It is fitting that the first notes you hear on Black Lion are from the bass. Dezron Douglas you will know from a lot of records. Recently he was on one of 2018’s best albums Universal Beings by Makaya McCraven. The tune ‘Black Lion’ that lends its name to the title of this brand new album stole the show on that release as I wrote at the time but does not feature on this one. The name however resonates especially if you recall the impact of the McCraven record. 

Douglas chooses both acoustic bass and electric bass here, the latter only on a few tracks and it is the double bass you hear first. When Willerm Delisfort comes in it is pretty clear what sort of style ‘Soulris’ is setting up: you might like me immediately think that you have landed in a McCoy Tyner-type situation or simply feel and buy into the breezy ratcheting up of chord progressions with that undertow of spiritual organ, the horns of Stacy Dillard on tenor saxophone and Lummie Spann on alto saxophone, a little trumpet poking through, proceeding along lines The Cookers have been championing in recent years.

This is pretty old school stuff and not as modern sounding as the McCraven approach but does not pall at all or sound corny. Jeremy “Bean” Clemons on drums is very much in control. If he wasn’t this would fall in a heap.

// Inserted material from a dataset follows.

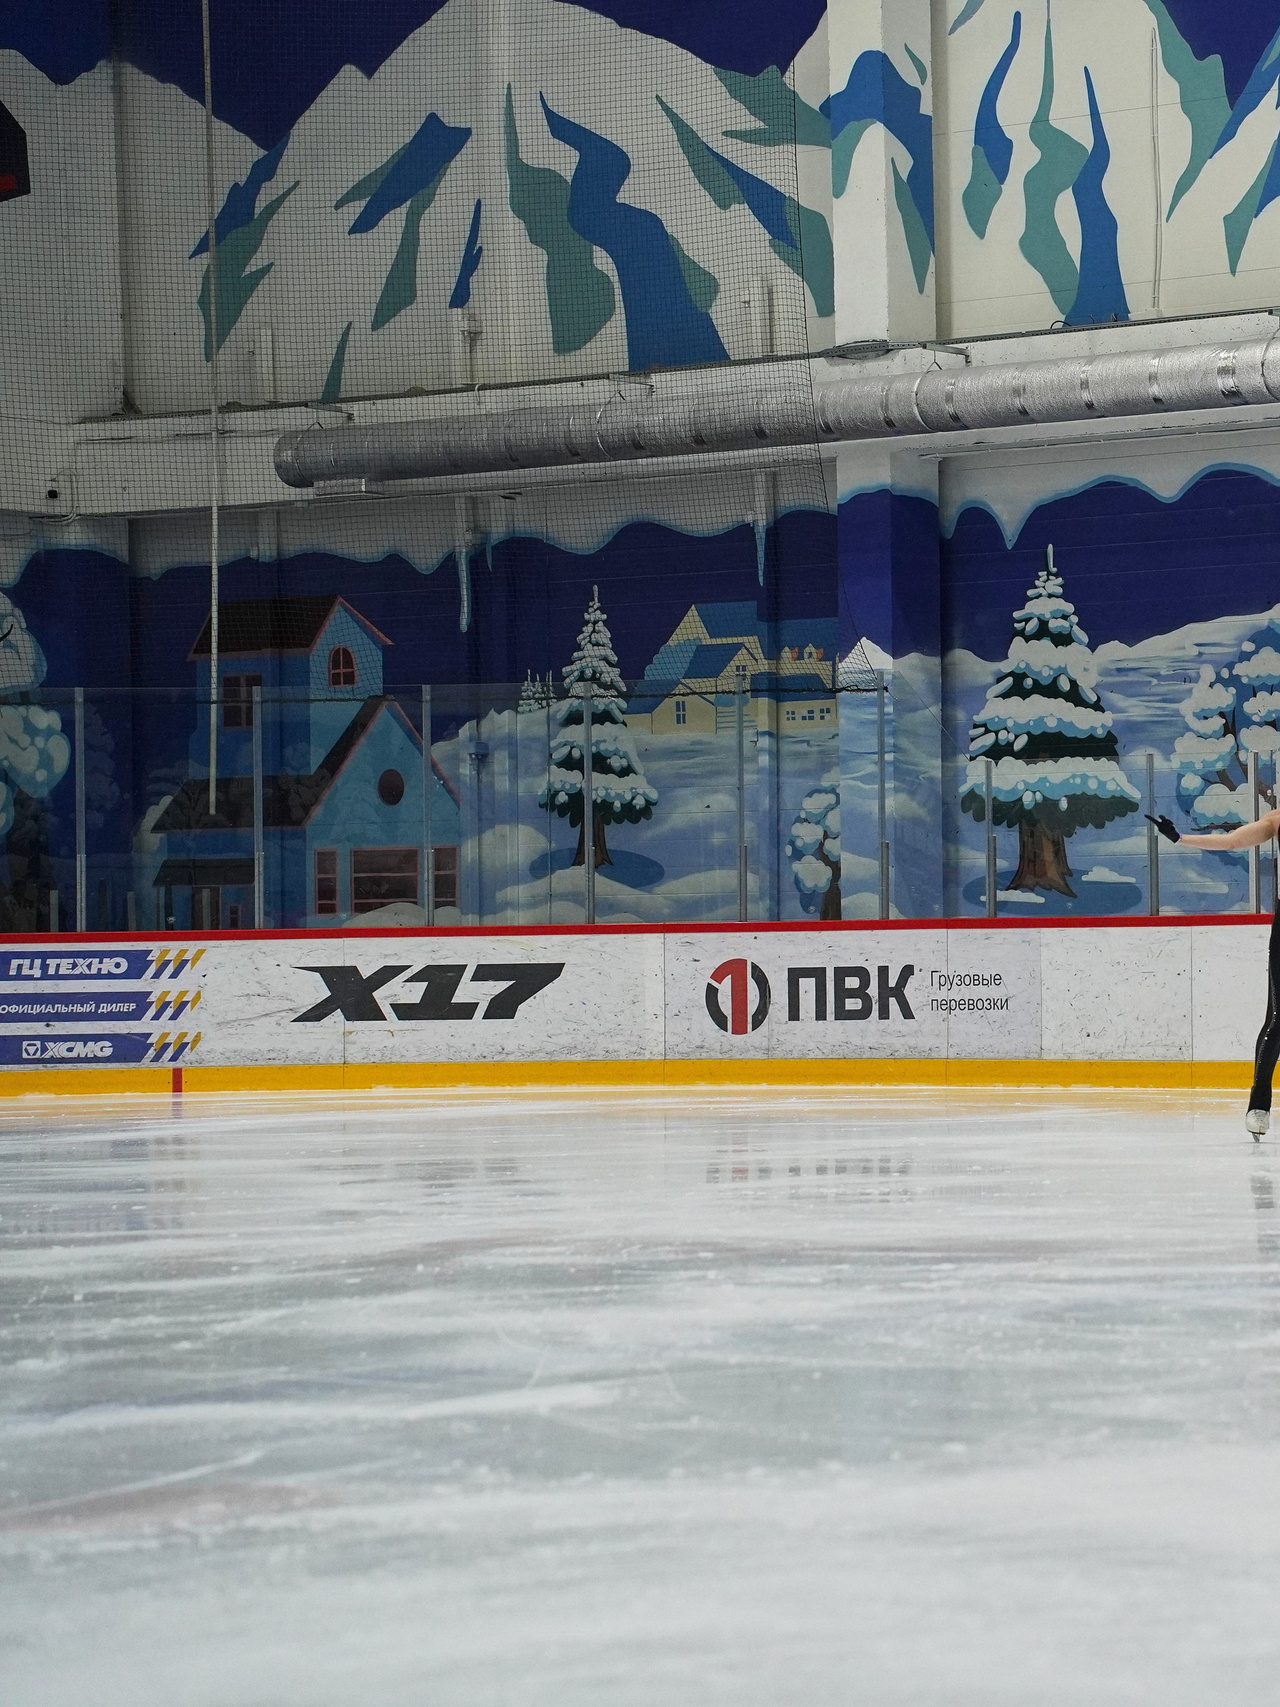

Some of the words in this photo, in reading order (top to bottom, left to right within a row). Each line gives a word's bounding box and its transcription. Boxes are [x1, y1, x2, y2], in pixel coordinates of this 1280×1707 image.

‘Negroidius Maximum’ started off by Douglas more in a Mingus feel here has an off kilter toe-tapping nature to it, plenty of soul filtering up through the alleyways of metre, think the kind of effect Lee Morgan and ‘The Sidewinder’ has on you and you will not go far wrong here. Lummie Spann who hails from Hartford in Connecticut channels his inner Eddie Harris highly infectiously.

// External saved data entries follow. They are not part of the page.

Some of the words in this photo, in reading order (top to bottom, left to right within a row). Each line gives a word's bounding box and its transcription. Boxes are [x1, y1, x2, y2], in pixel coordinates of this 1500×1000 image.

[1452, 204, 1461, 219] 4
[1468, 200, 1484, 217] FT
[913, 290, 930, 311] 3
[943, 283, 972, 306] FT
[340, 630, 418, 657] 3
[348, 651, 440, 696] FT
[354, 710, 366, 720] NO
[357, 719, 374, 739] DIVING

‘Bottoms Out’ is different beginning from the drums but again that Cookers comparison holds, and this is gutsy stuff and drives along. Dezron holds back at first but walks the bass into quite a stride and it is saxophone time galore as the tune reveals itself thriving on his beat.

Recorded in New Jersey there is a lot of love here backed up by nuance and ability and no more so than on the warm ‘Alexis’ where trumpeter Josh Evans hitherto not that evident in the sound gets his chance to shine and shine he does, a woozy ache to the melody but there is plenty of interesting development going on behind him as Douglas free-forms his solo on bass guitar underneath and a real feeling of freedom within the deliberate mess of sound throughout is created.

There is a reggae feel on the ‘Great Provider’ again Douglas choosing bass guitar. And while this is not the best track it is certainly one of the more enjoyable selections. ‘Uhuru Vibration’ at the end is the real treat of the whole affair when you can really get an obvious inkling of how much a master Douglas is on bass when he opens with a hugely woody feature that will make you hit the repeat button again and again and I guess will be sampled by plenty of DJs if they get to hear it. SG

Douglas is over in the UK this month playing with Trevor Watkis and Byron Wallen in their Dizzy Reece tribute. Catch them for instance at Band on the Wall in Manchester on 30 January.